In another meaning, total curvature refers to Gaussian curvature
at a point of a surface.  But in this meaning, every sphere has
constant total curvature, so the aposphere seems to be a sphere,
no more and no less.  So, how does it differ from the Gaussian
sphere that is used in some other projections, like Swiss Oblique
Mercator, Krovak, and Oblique Sterographic?
Or are there other surfaces than spheres that can have a constant
Gaussian curvature at every point? (I think there is some trumpet-shaped
surface that has constant Gaussian curvature, but curvature like a saddle;
is that positive or negative curvature? But apart from that.)

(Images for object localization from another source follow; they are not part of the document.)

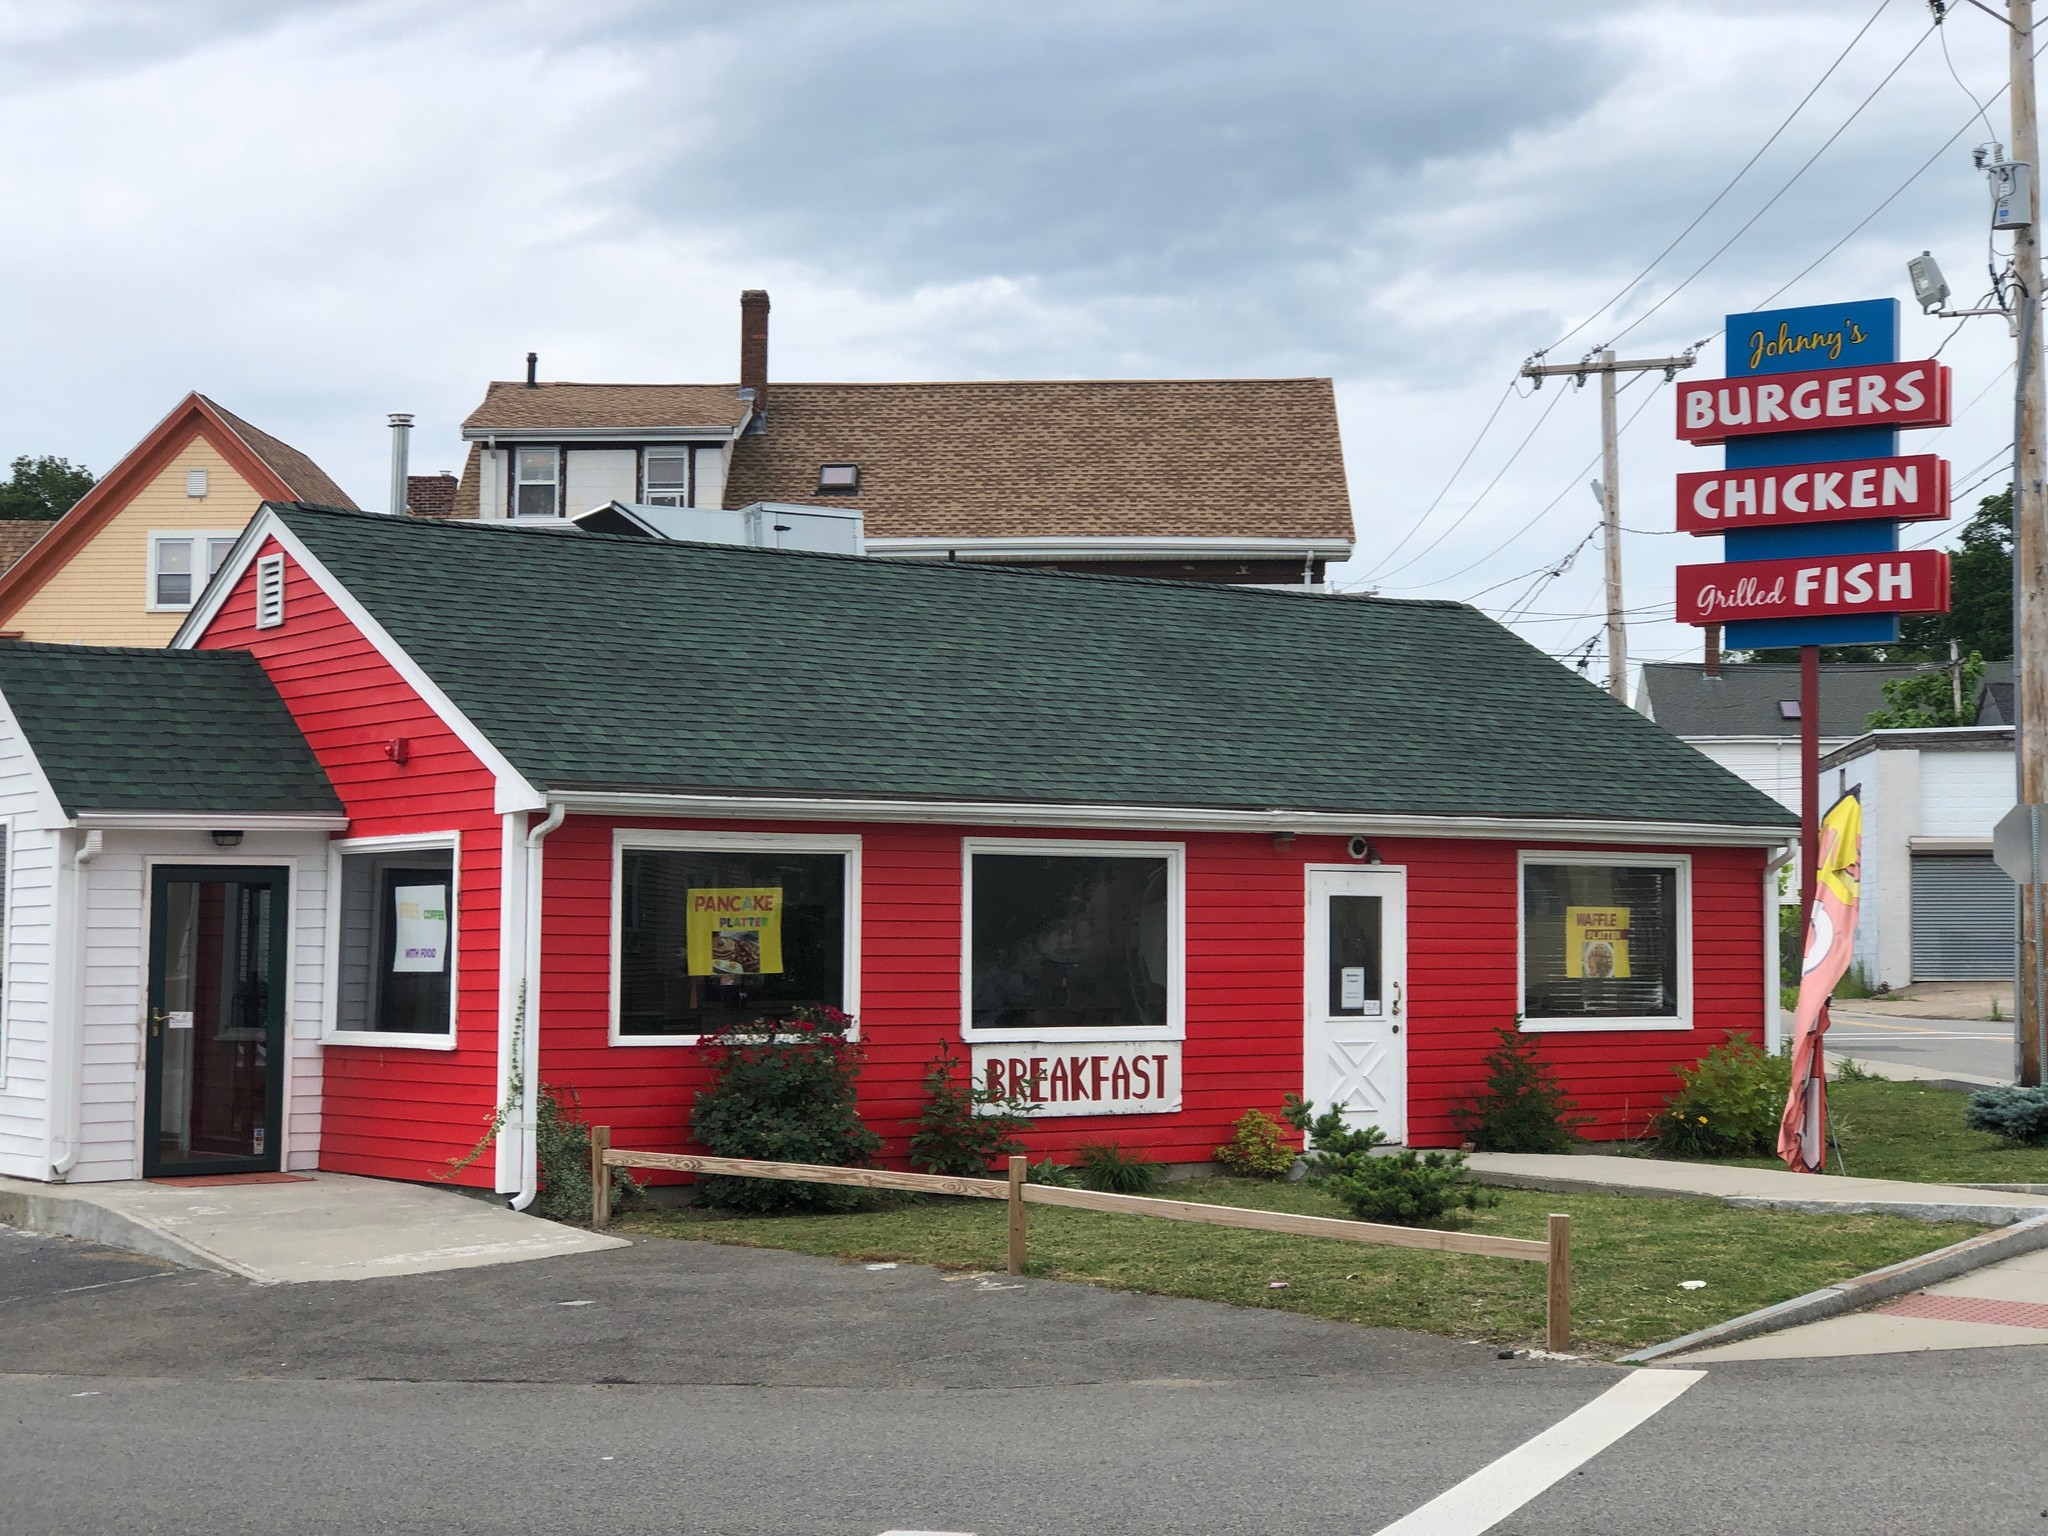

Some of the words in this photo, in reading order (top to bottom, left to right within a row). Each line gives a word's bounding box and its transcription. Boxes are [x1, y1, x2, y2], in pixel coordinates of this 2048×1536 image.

[1749, 319, 1868, 370] Johnny's
[1685, 369, 1926, 429] BURGERS
[1693, 465, 1919, 519] CHICKEN
[1697, 576, 1787, 616] Grilled
[1794, 562, 1913, 606] FISH
[694, 895, 773, 912] PANCAKE
[720, 917, 768, 928] PLATTER
[1577, 913, 1616, 926] WAFFLE
[420, 948, 436, 958] FOOD
[986, 1055, 1169, 1103] BREAKFAST
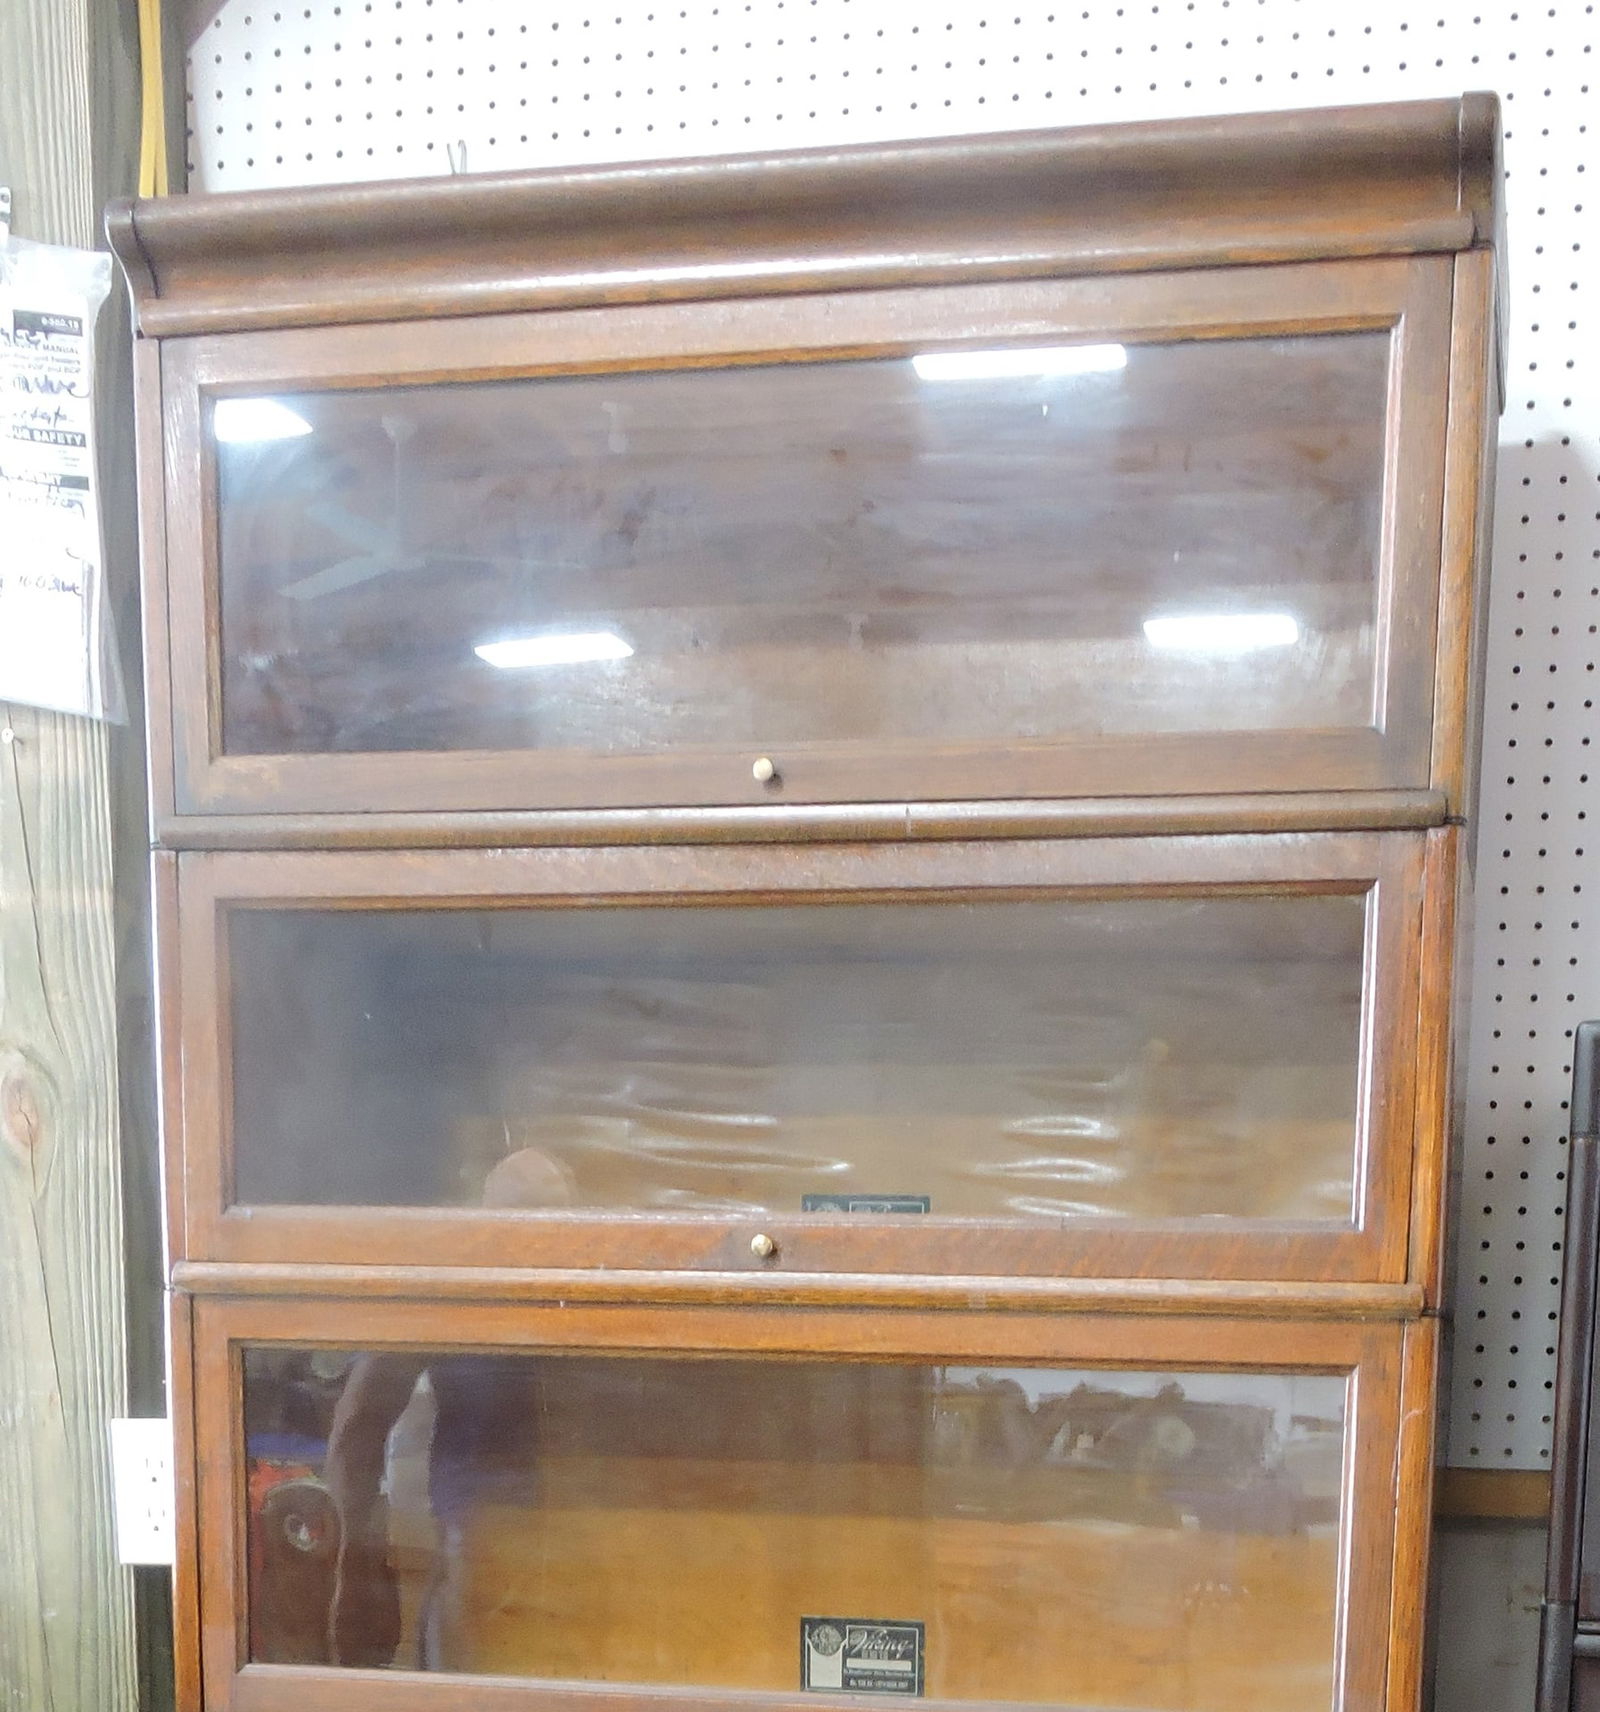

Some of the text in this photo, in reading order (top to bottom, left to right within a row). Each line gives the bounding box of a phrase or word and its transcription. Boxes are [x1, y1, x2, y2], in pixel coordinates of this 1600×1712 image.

[43, 344, 79, 355] MANUAL
[33, 429, 82, 446] SAFETY
[850, 1629, 914, 1660] Viking

Well, I shouldn't complain but try to read Hotine's original paper,
but rumors say it's very dense and difficult to follow. I suspect
I wouldn't understand it.

But if someone knows a snappy explanation of the aposphere...?
Just curious,

Mikael Rittri
Carmenta
Sweden
http://www.carmenta.com

________________________________

From: Hilmy Hashim [mailto:hilmyh at gmail.com]
Sent: den 28 april 2011 11:48
To: Mikael Rittri
Cc: PROJ.4 and general Projections Discussions
Subject: Re: [Proj] RSO, +gamma and Hotine Oblique Mercator Variant A

Mikael,

In http://trac.osgeo.org/proj/ticket/104, you said

A +no_uoff ("no u-offset") means that the origin is at the so-called natural origin, on the central oblique line of the projection, and near the ordinary equator (on the "aposphere equator", but I've never understood what an aposphere is).